Then, in year three, an IRS examiner pulls your name for a foreign account compliance review. Within 60 days, you receive a letter about "unreported foreign financial assets."
What you're facing now:
- FBAR willful violation penalty: 50% of the highest account balance at any point during each unfiled year
- FATCA Form 8938 penalties: $10,000 for first violation, up to $50,000 for subsequent years
- Back taxes, interest at 8%+ annually, and potential fraud prosecution if the IRS determines deliberate concealment
- Tax attorney and CPA fees: $8,000–$25,000 to resolve the matter
This is not theoretical. Expat tax attorneys and accountants report this pattern consistently among retirees who move abroad without understanding U.S. reporting requirements.
Why This Happens: The Reporting System Most Retirees Don't Know About
The U.S. government has two separate and overlapping foreign account reporting systems, and retirees almost always confuse them or skip one entirely.
1. FBAR (Form FinCEN 114)
Who files it: Any U.S. person (citizen, resident alien, or green card holder) with foreign financial accounts totaling over $10,000 at any point during the calendar year.

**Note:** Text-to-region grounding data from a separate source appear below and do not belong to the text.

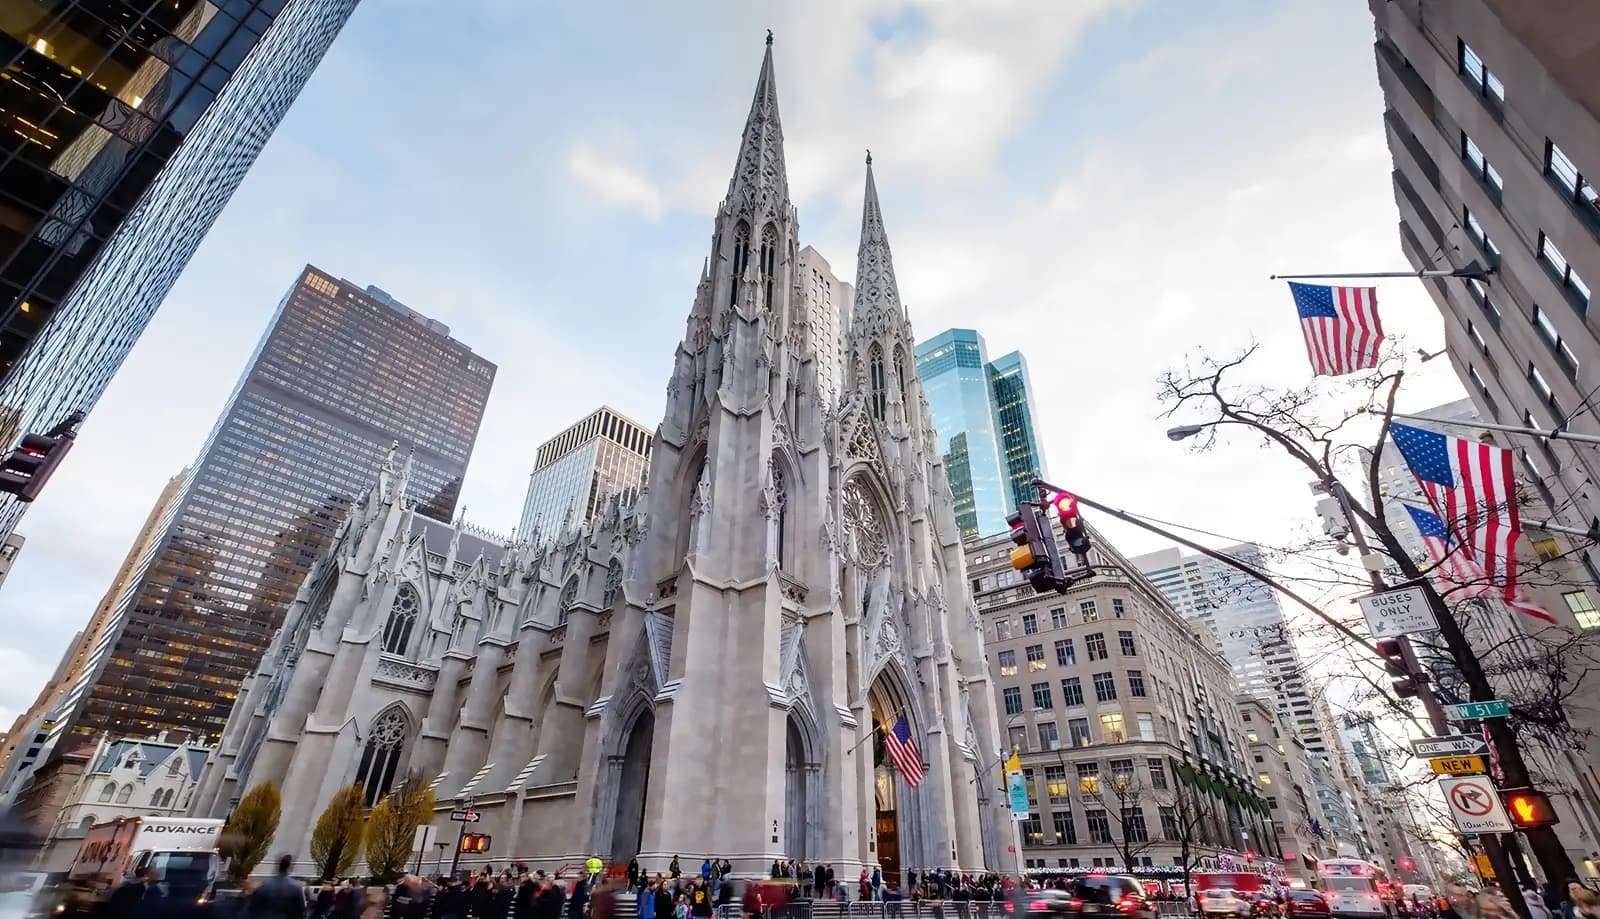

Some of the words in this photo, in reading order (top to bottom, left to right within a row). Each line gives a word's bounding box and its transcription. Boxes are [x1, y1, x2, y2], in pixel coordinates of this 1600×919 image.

[1371, 593, 1412, 607] BUSES
[1380, 604, 1410, 617] ONLY
[1457, 705, 1469, 717] W
[1476, 704, 1491, 716] 51
[1419, 744, 1441, 753] ONE
[1452, 740, 1475, 750] WAY
[1441, 759, 1471, 771] NEW
[144, 825, 216, 834] ADVANCE

What counts: Bank accounts, investment accounts, retirement accounts held abroad—but NOT your primary residence or real property. Accounts held jointly with non-U.S. persons count fully toward the $10,000 threshold.
Filing deadline: April 15 (with automatic extension to October 15). It is filed electronically with FinCEN, not the IRS.
Penalty for non-filing: $10,000 per year for non-willful violations, or 50% of the highest account balance for willful violations.
2. FATCA (Form 8938)
Who files it: U.S. persons whose total specified foreign assets exceed certain thresholds (typically $200,000–$600,000 depending on filing status and whether you live abroad).
What counts: Financial assets including bank accounts, stocks, bonds, mutual funds, insurance contracts with cash values, and retirement accounts.
Filing deadline: April 15 with your Form 1040. It is filed with the IRS, not FinCEN.
Penalty for non-filing: $10,000 per year, plus $10,000 for each year of non-disclosure after the IRS notifies you (capped at $50,000 per violation).
The Core Problem
Many retirees believe that FBAR is a one-time filing or that the $10,000 threshold is per account, not aggregate. The reality: you must file FBAR every single year your foreign accounts exceed $10,000 combined, and you must file FATCA every year if your foreign assets exceed the IRS threshold.
Cases reported in expat communities show: a retired couple opened a joint savings account in Portugal without understanding aggregate reporting. They believed the $10,000 threshold applied per account. The account peaked at $185,000. Two years later, an IRS audit triggered a willful FBAR violation assessment.
The outcome: 50% penalty on the peak balance ($92,500) plus $8,000–$15,000 in tax attorney fees and amended returns.
Real Failure Cases: What Retirees Actually Face
Case 1: The Mexico Investment Account Mistake
Situation: An American retiree in Mexico held a mutual fund account with a Mexican brokerage. The account peaked at $32,000 in February but dropped to $8,500 by December. The retiree filed no FBAR, believing the year-end balance was below the threshold.
What went wrong: FBAR and FATCA thresholds apply to the highest balance during the calendar year, not the ending balance. The IRS discovered the account during a routine foreign income compliance review.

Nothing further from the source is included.